[Free-text object descriptions]
= = = = = = =

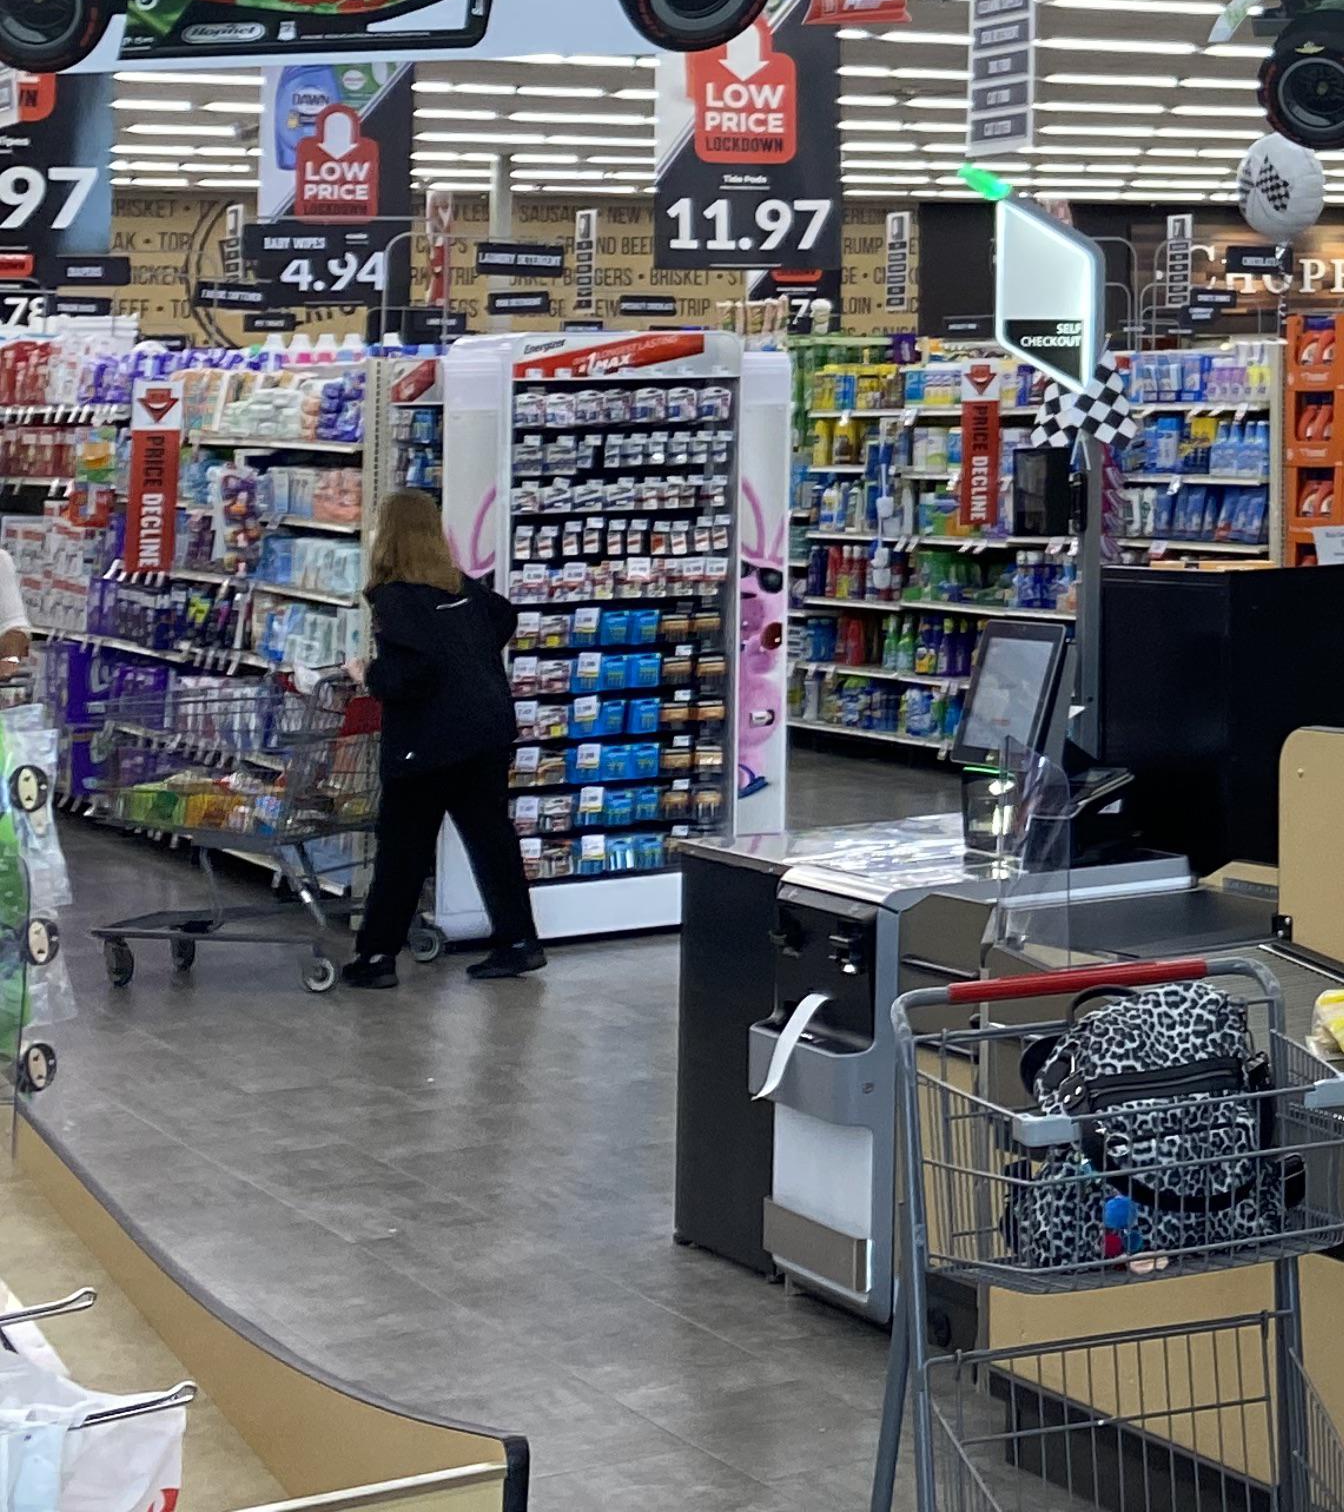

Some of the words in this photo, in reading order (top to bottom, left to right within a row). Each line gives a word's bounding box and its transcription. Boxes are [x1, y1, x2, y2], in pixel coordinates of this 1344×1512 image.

[292, 93, 330, 106] DAWN
[705, 82, 785, 109] LOW
[704, 112, 785, 134] PRICE
[705, 137, 784, 153] LOCKDOWN
[304, 161, 371, 182] LOW
[303, 183, 370, 201] PRICE
[666, 197, 832, 251] 11.97
[293, 236, 327, 250] WIPES
[279, 250, 387, 292] 4.94
[1056, 323, 1083, 334] SELF
[523, 338, 566, 355] Energizer
[1020, 336, 1082, 348] CHECKOUT
[970, 404, 988, 452] PRICE
[143, 435, 165, 487] PRICE
[970, 455, 989, 521] DECLINE
[138, 492, 164, 568] DECLINE
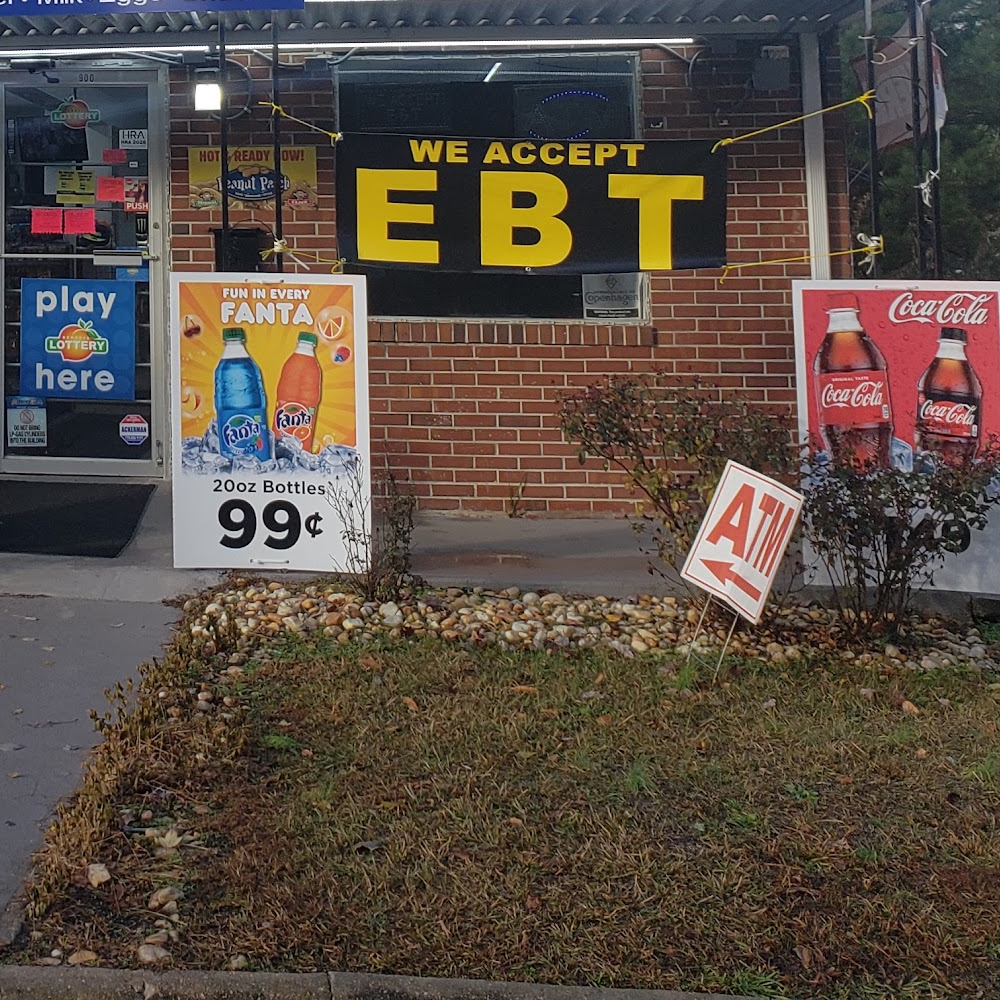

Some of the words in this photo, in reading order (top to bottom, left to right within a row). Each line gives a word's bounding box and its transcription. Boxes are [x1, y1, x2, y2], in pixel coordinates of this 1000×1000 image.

[54, 112, 98, 121] LOTTERY
[122, 130, 145, 139] HRA
[200, 150, 220, 162] HOT
[234, 150, 270, 162] READY
[281, 149, 304, 162] OW!
[409, 139, 469, 163] WE
[483, 141, 645, 167] ACCEPT
[260, 176, 290, 191] Pach
[126, 202, 149, 210] PUSH
[356, 167, 704, 270] EBT
[36, 286, 117, 319] play
[222, 287, 250, 299] FUN
[252, 288, 267, 299] IN
[270, 288, 310, 300] EVERY
[585, 292, 639, 305] Copenhagen
[221, 301, 313, 326] FANTA
[889, 292, 994, 325] Coca-Cola
[50, 340, 105, 351] LOTTERY
[36, 363, 115, 391] here
[822, 381, 883, 408] Coca-Cola
[276, 409, 311, 430] Fanta
[921, 399, 977, 425] Coca-Cola
[223, 420, 260, 446] Fanta
[213, 479, 257, 493] 20oz
[263, 479, 326, 495] Bottles
[705, 483, 795, 579] ATM
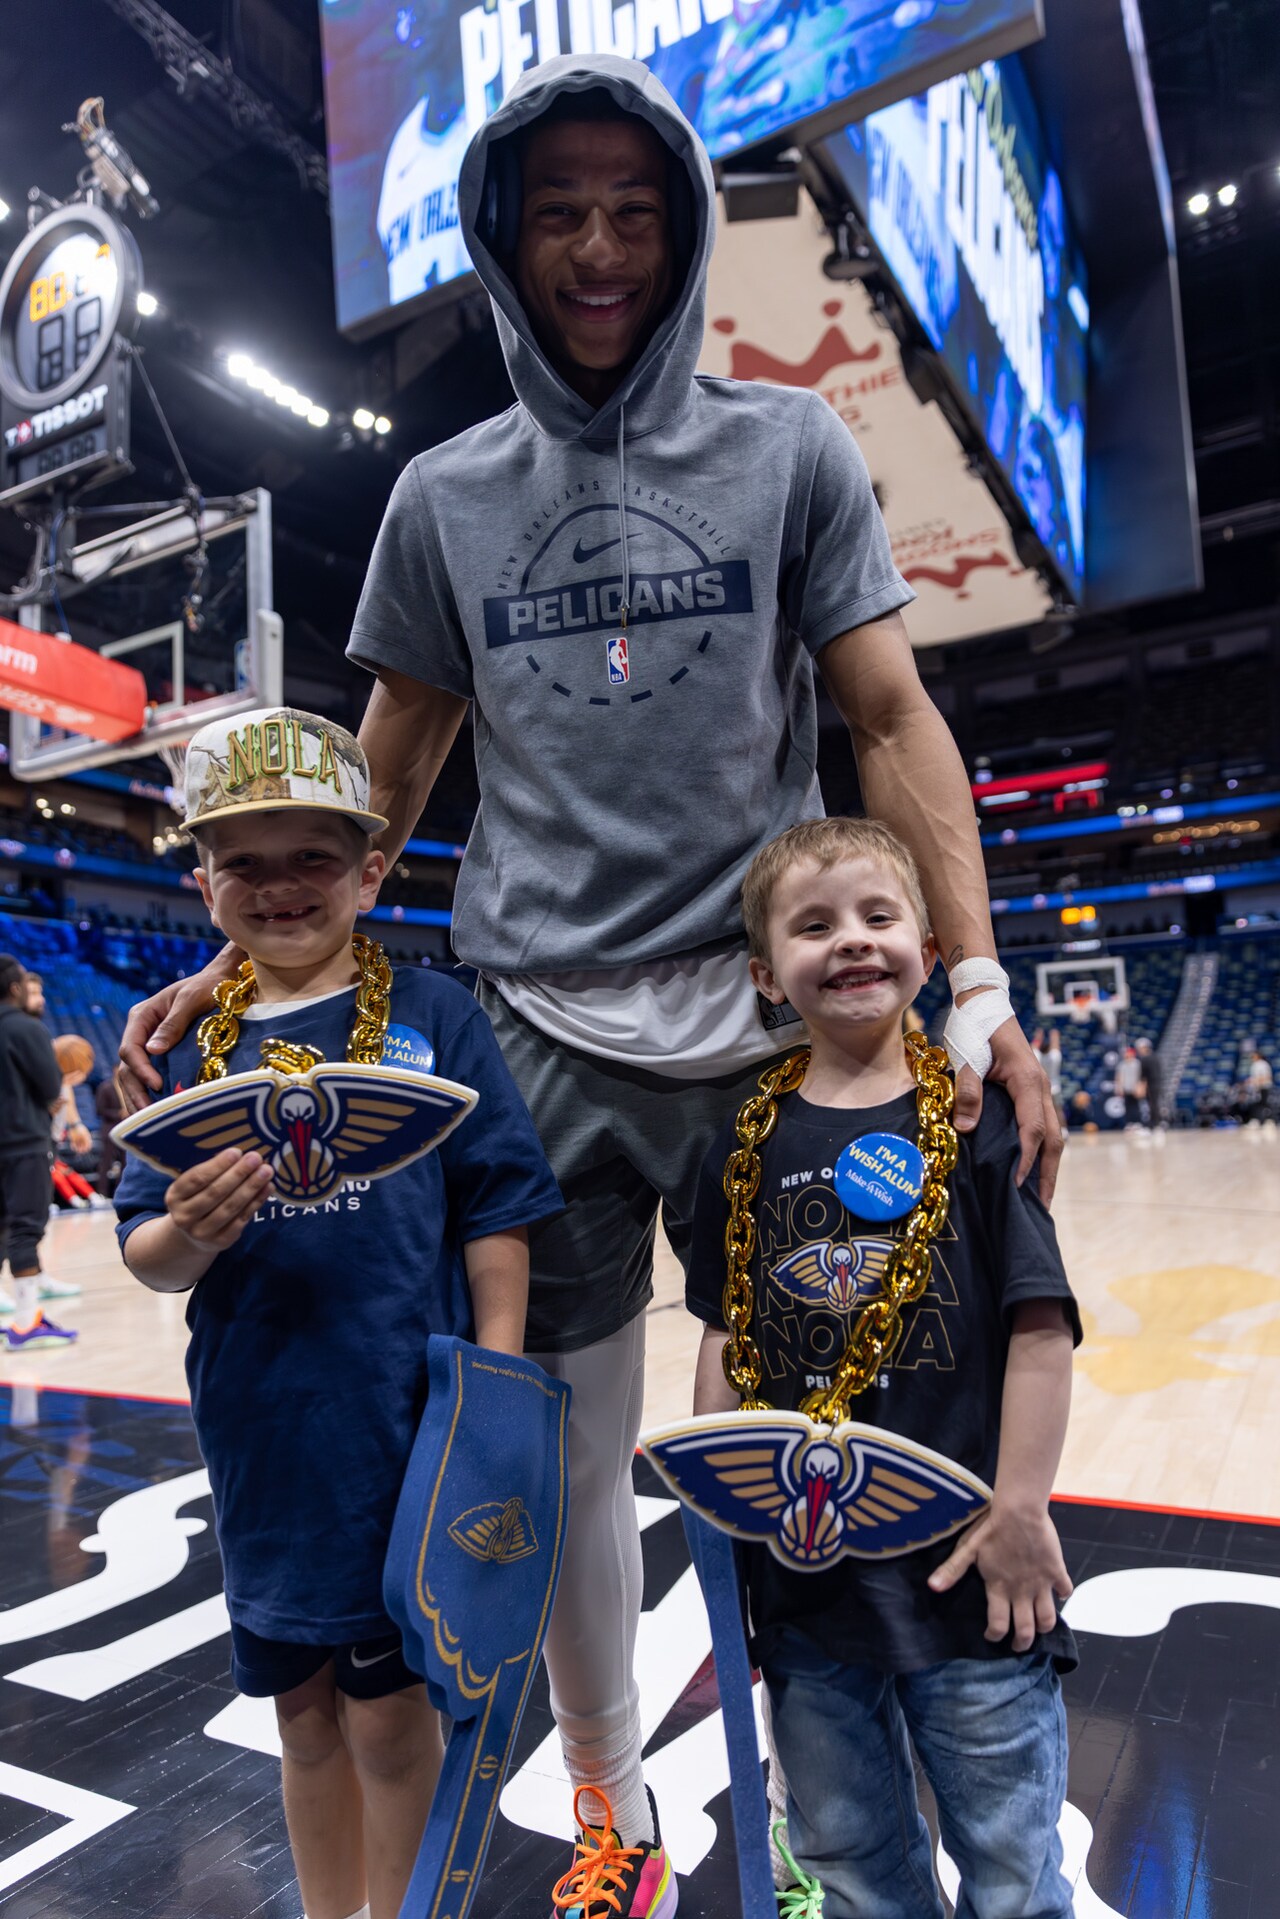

= = = = = = =

PROBLEM DESCRIPTION: Your copy should run from the line that has "this 1000×1000 image." through the last line above, exactly, with both ends in and pictures out.

SOLUTION TO THE PROBLEM:
Some of the words in this photo, in reading order (top to bottom, left to right within a row). Each line gives a word's bounding box and its transcription. Boxes are [x1, y1, x2, y2], in pixel coordinates of this 1000×1000 image.

[54, 112, 98, 121] LOTTERY
[122, 130, 145, 139] HRA
[200, 150, 220, 162] HOT
[234, 150, 270, 162] READY
[281, 149, 304, 162] OW!
[409, 139, 469, 163] WE
[483, 141, 645, 167] ACCEPT
[260, 176, 290, 191] Pach
[126, 202, 149, 210] PUSH
[356, 167, 704, 270] EBT
[36, 286, 117, 319] play
[222, 287, 250, 299] FUN
[252, 288, 267, 299] IN
[270, 288, 310, 300] EVERY
[585, 292, 639, 305] Copenhagen
[221, 301, 313, 326] FANTA
[889, 292, 994, 325] Coca-Cola
[50, 340, 105, 351] LOTTERY
[36, 363, 115, 391] here
[822, 381, 883, 408] Coca-Cola
[276, 409, 311, 430] Fanta
[921, 399, 977, 425] Coca-Cola
[223, 420, 260, 446] Fanta
[213, 479, 257, 493] 20oz
[263, 479, 326, 495] Bottles
[705, 483, 795, 579] ATM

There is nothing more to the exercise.